The system may include a transmitting device and a receiving
device. There are at least two broadcast channels between the
transmitting device and the receiving device. In the data
transmission system:
[0118] The transmitting device is configured to encode a data set
to be transmitted, the encoded data set including a data group, the
data group including a data packet; and transmitting the data
packet through the more than two broadcast channels.
[0119] The receiving device is configured to detect the data
packets transmitted through the more than two broadcast channels;
when it is detected that a data packet is lost, recovering the lost
data packet based on one or more other already received data
packets included in a same data group as the lost data packet.
[0120] In some embodiments, the broadcast channel is a WIFI channel
or a Lightbridge channel.
[0121] In some embodiments, the data transmission system may be
used in a UAV system. The UAV system may include a UAV and an
external device. The data transmission system may be used for the
communication between the UAV and the external device.

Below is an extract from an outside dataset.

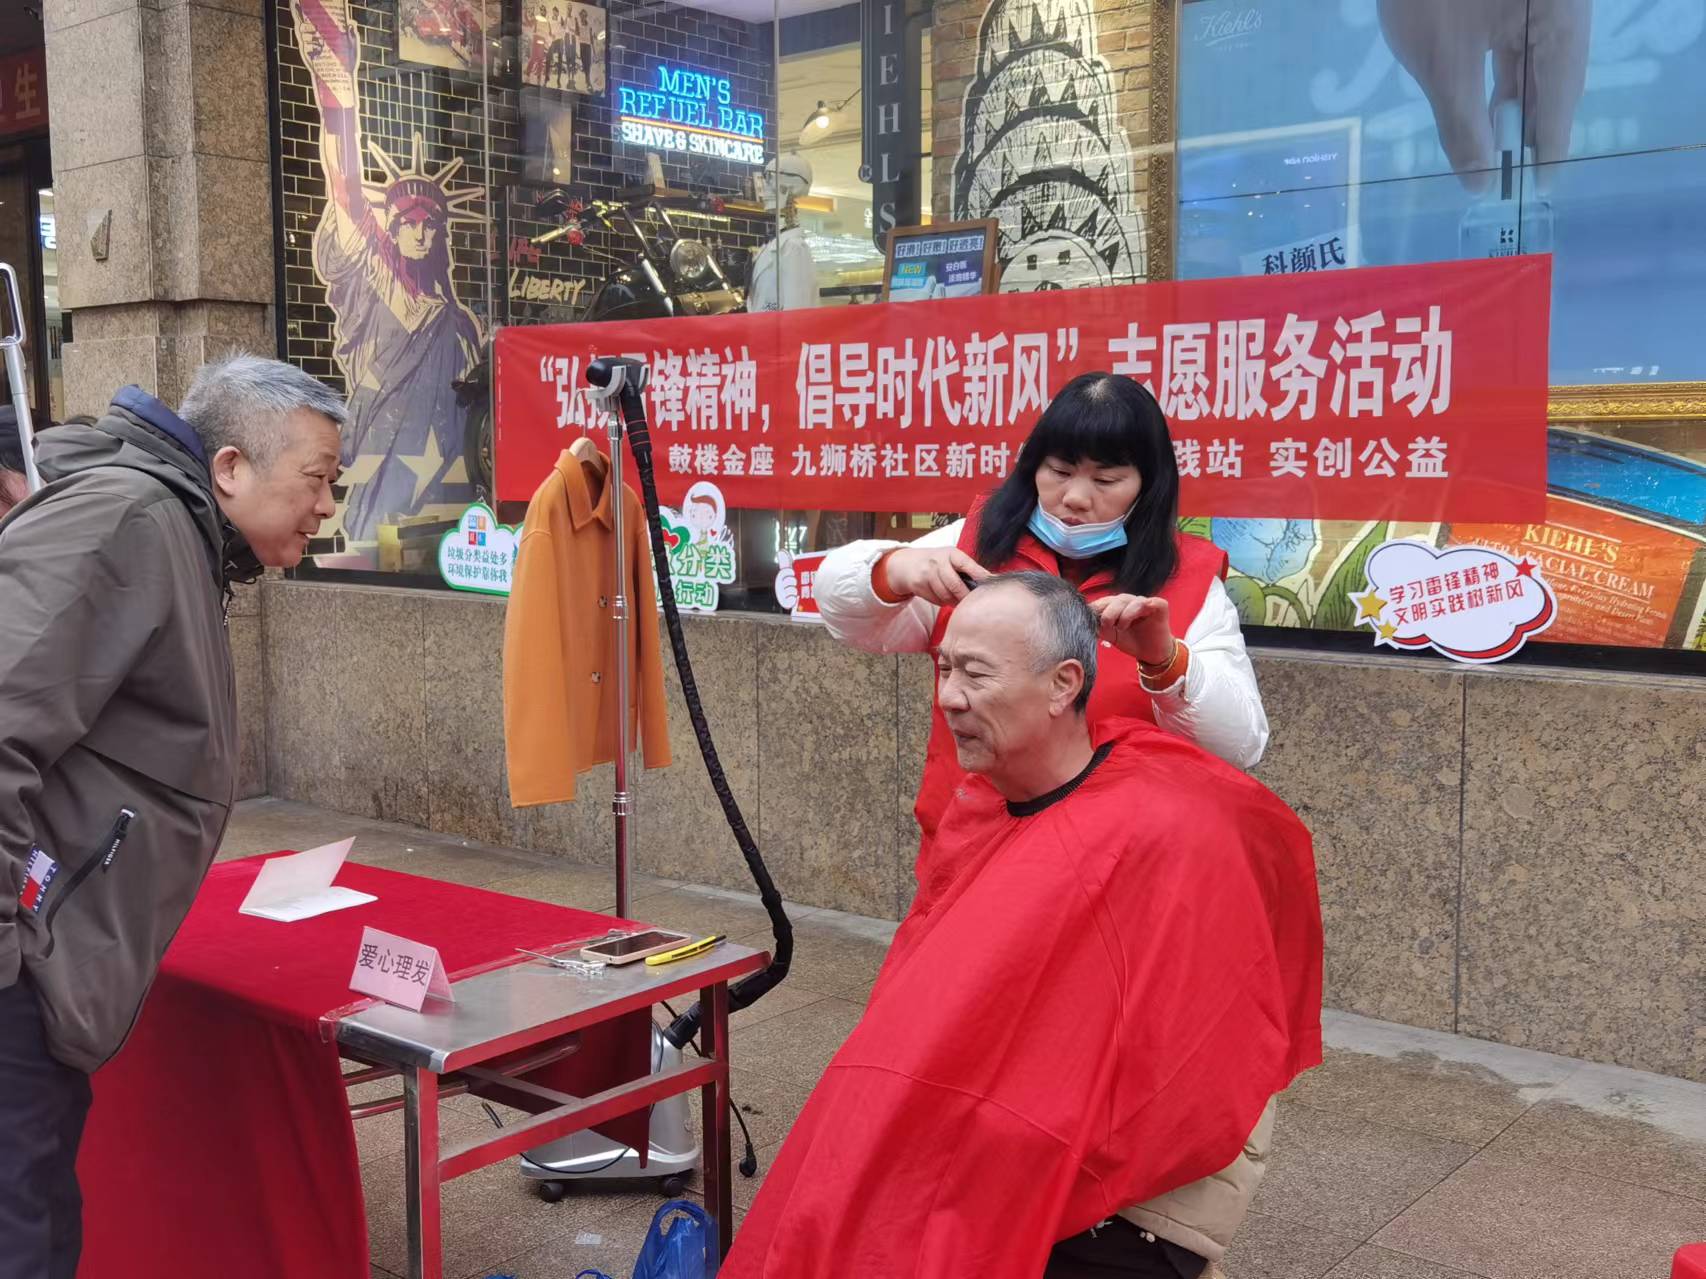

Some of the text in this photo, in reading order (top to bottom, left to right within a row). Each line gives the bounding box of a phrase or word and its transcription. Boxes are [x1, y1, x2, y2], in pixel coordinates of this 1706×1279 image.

[0122] In some embodiments, the receiving device is the UAV, and
the transmitting device is the external device. Alternatively, the
receiving device is the external device, and the transmitting
device is the UAV.
[0123] In some embodiments, the external device may include at
least one of: a cell phone, a remote controller, a remote
controller with a screen, a tablet computer, flight glasses, a
wristband, or a watch.
[0124] The system, device, module or unit described in the above
embodiments may be realized using a computer chip or a physical
entity, or a product having certain functions. A typical
realization device is a computer. The detailed form of the computer
may be a personal computer, a laptop computer, a cellular phone, a
camera phone, a smart phone, a personal digital assistant, a
multimedia player, a navigation device, an e-mail receiving and
transmitting device, a game control console, a tablet computer, a
wearable device, or any combination of two or more of these
devices.
[0125] For the convenience of descriptions, the above devices are
described based on functions being divided as various units. When
implementing the present disclosure, functions of various units may
be realized in one or multiple software programs and/or hardware
components.
[0126] A person having ordinary skills in the art can appreciate,
the present disclosure may be realized as a method, a system, or a
computer program product. As such, the present disclosure may be
realized using hardware alone, software alone, or a combination of
software and hardware. In addition, the present disclosure may be
realized as a computer program product implemented in one or more
computer-readable storage media (including but not limited to a
magnetic disk, a CD-ROM, an optical device, etc.) that store
computer-executable program codes or instructions.
[0127] The present disclosure is described with reference to the
flow charts and/or block diagrams of the disclosed methods, devices
(systems), and computer program products. It should be understood
that computer program codes or instructions may be used to realize
each step and/or block included in the flow chart and/or block
diagram, and a combination of the steps and/or blocks in the flow
chart and/or the block diagram. Such computer program codes or
instructions may be provided to a generic computer, a dedicated
computer, an embedded processor, or a processor of a programmable
data processing device to generate a machine, such that a device
may be produced through the instructions executed by the computer
or other processor of a programmable data processing device. The
device may be used to realize a specified function of one or more
steps in the flow chart and/or one or more blocks in the block
diagram.
[0128] In addition, the computer program codes or instructions may
be stored in a computer-readable storage medium that may guide a
computer or other programmable data processing device to operate in
a specified manner, such that instructions stored in the
computer-readable storage medium generate a product having an
instruction device. The instruction device may realize a specific
function of one or more steps in the flow chart and/or one or more
blocks of the block diagram.
[0129] The computer program codes or instructions may be loaded
into a computer or other programmable data processing device, such
that a series of steps may be executed on the computer or other
programmable data processing device to generate a computer-realized
process, such that the codes executed by the computer or other
programmable data processing device may provide a step for
realizing a specific function of one or more steps of the flow
chart and/or one or more blocks of the block diagram.
[0130] A person having ordinary skills in the art can appreciate,
the embodiments of the present disclosure may be provided as
methods, systems, or computer program products. As such, the
present disclosure may be implemented in the forms of hardware
alone embodiments, software alone embodiments, or embodiments
combining software and hardware. In addition, the present
disclosure may be implemented as a computer program product that
may be implemented in one or more computer-readable storage media
(including but not limited to a magnetic disk, a CD-ROM, an optical
storage device, etc.) that include computer-executable program
codes or instructions.
[0131] The above described are only embodiments of the present
disclosure, and are not intended to limit the scope of the present
disclosure. A person having ordinary skills in the art can modify
or change the embodiments of the present disclosure. Such
modifications, equivalent substitutions, or improvements within the
spirit and principle of the present disclosure all fall within the
scope of the claims of the present disclosure.
* * * * *